→ WHAT THE TASK REQUIRES:
All records below must be reproduced exactly, although any pictures they contain are to be omitted.

→ DATA SHOWN:
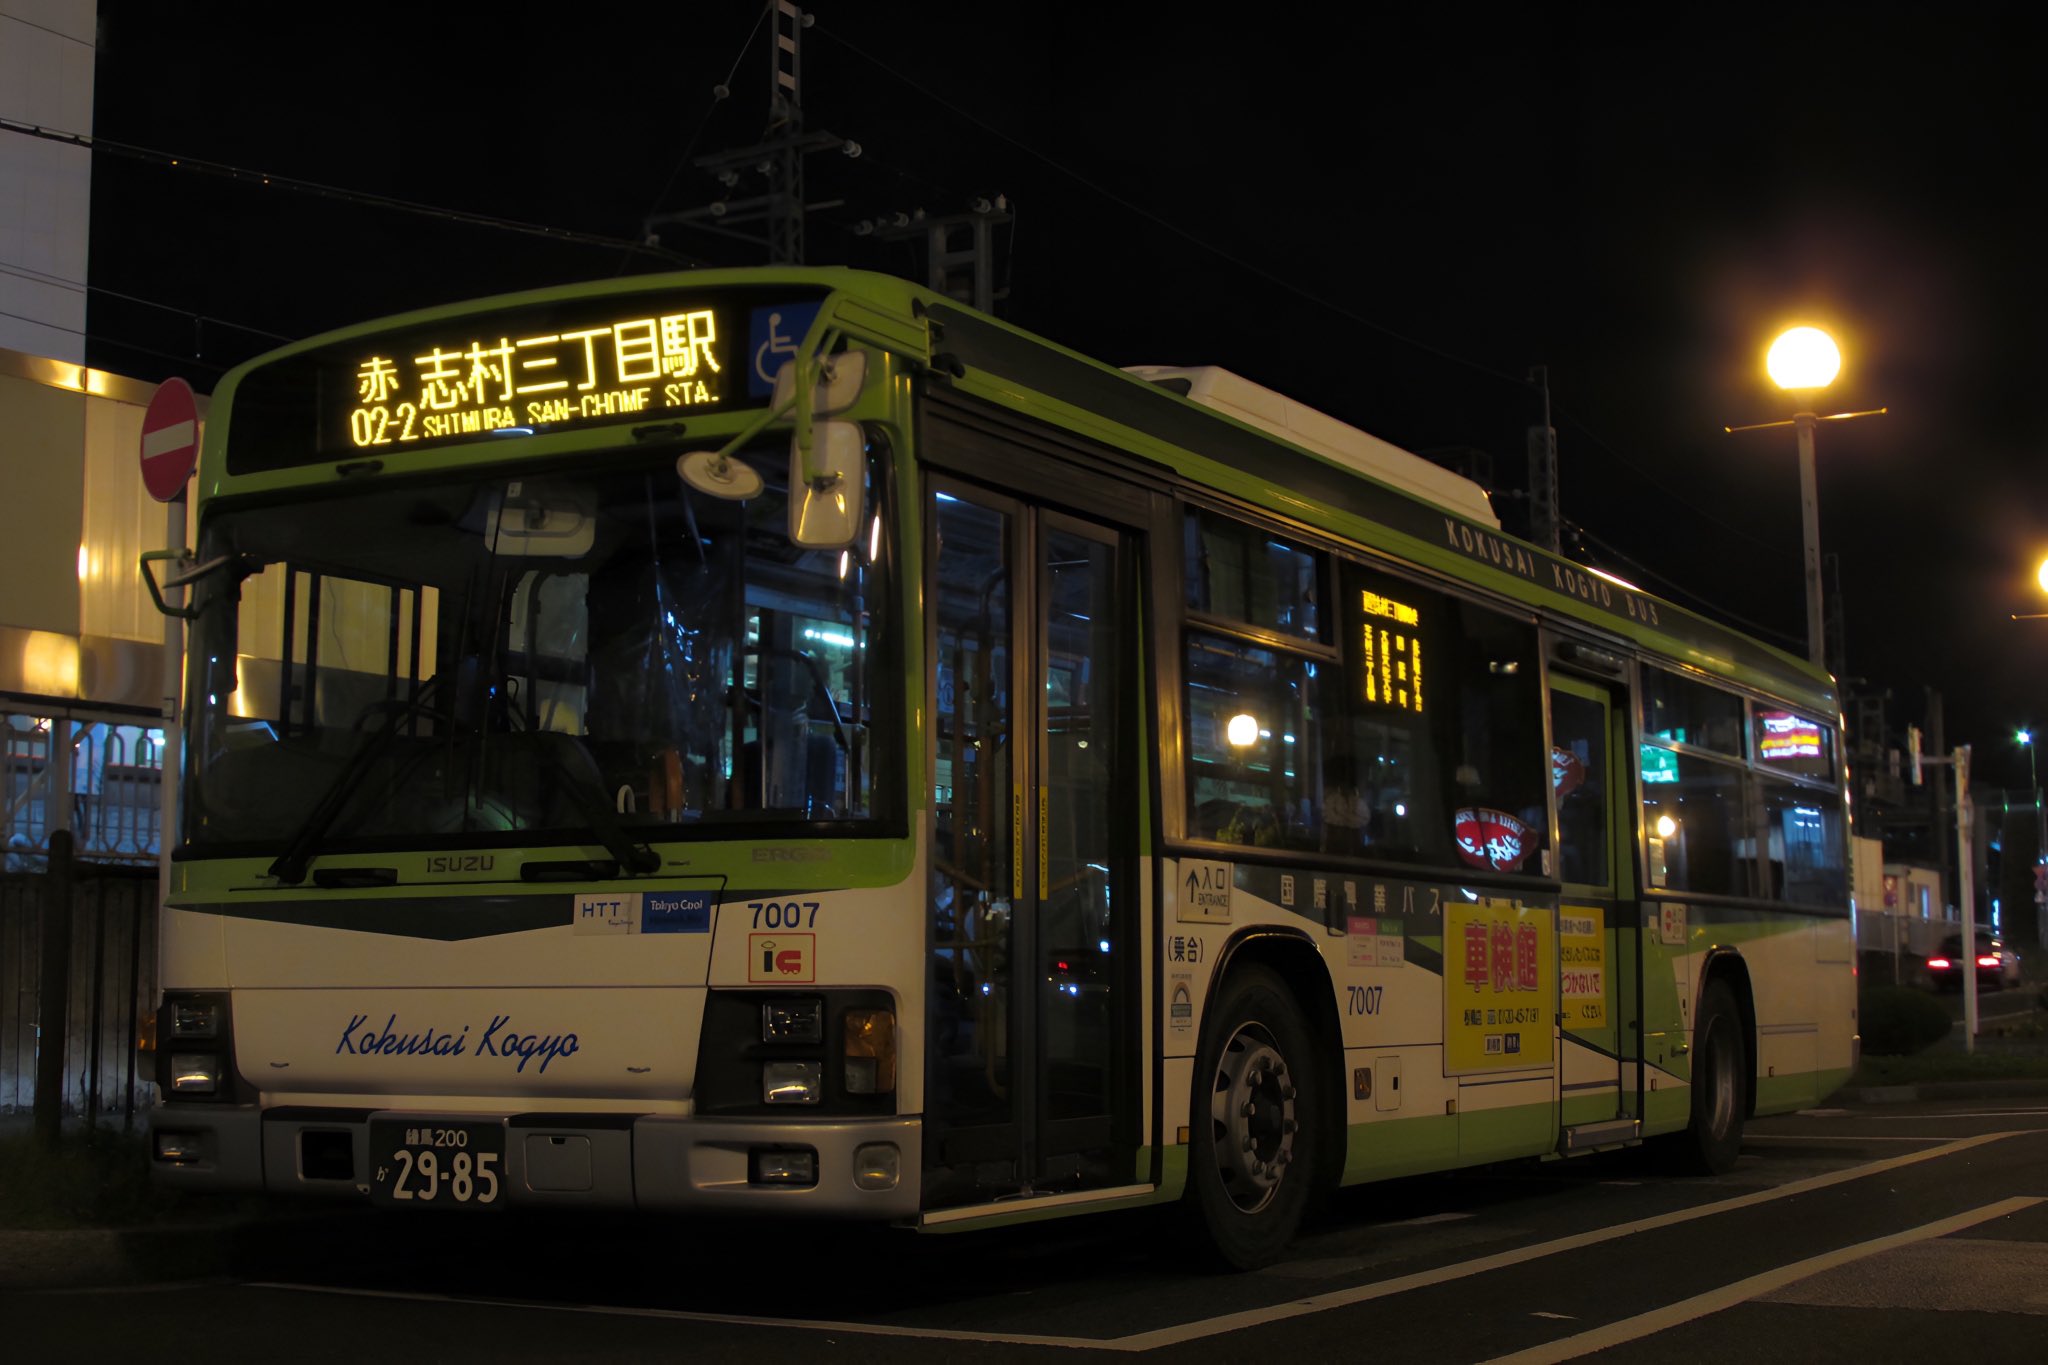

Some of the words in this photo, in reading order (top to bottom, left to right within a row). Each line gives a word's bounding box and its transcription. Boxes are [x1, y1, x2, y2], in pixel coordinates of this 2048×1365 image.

[357, 356, 399, 403] 赤
[414, 309, 720, 410] 志村三丁目駅
[351, 402, 418, 447] 02-2
[1444, 517, 1536, 578] KOKUSAI
[1551, 563, 1612, 608] KOGYO
[1625, 592, 1661, 627] BUS
[427, 855, 495, 873] ISUZU
[1201, 866, 1226, 890] 入口
[581, 901, 621, 918] HTT
[748, 902, 820, 929] 7007
[1347, 986, 1383, 1015] 7007
[335, 1013, 470, 1057] Kokusai
[474, 1014, 580, 1073] Kogyo
[392, 1148, 500, 1204] 29-85

→ EXPECTED ANSWER:
Some of the words in this photo, in reading order (top to bottom, left to right within a row). Each line gives a word's bounding box and its transcription. Boxes are [x1, y1, x2, y2], in pixel coordinates of this 2048×1365 image.

[357, 356, 399, 403] 赤
[414, 309, 720, 410] 志村三丁目駅
[351, 402, 418, 447] 02-2
[1444, 517, 1536, 578] KOKUSAI
[1551, 563, 1612, 608] KOGYO
[1625, 592, 1661, 627] BUS
[427, 855, 495, 873] ISUZU
[1201, 866, 1226, 890] 入口
[581, 901, 621, 918] HTT
[748, 902, 820, 929] 7007
[1347, 986, 1383, 1015] 7007
[335, 1013, 470, 1057] Kokusai
[474, 1014, 580, 1073] Kogyo
[392, 1148, 500, 1204] 29-85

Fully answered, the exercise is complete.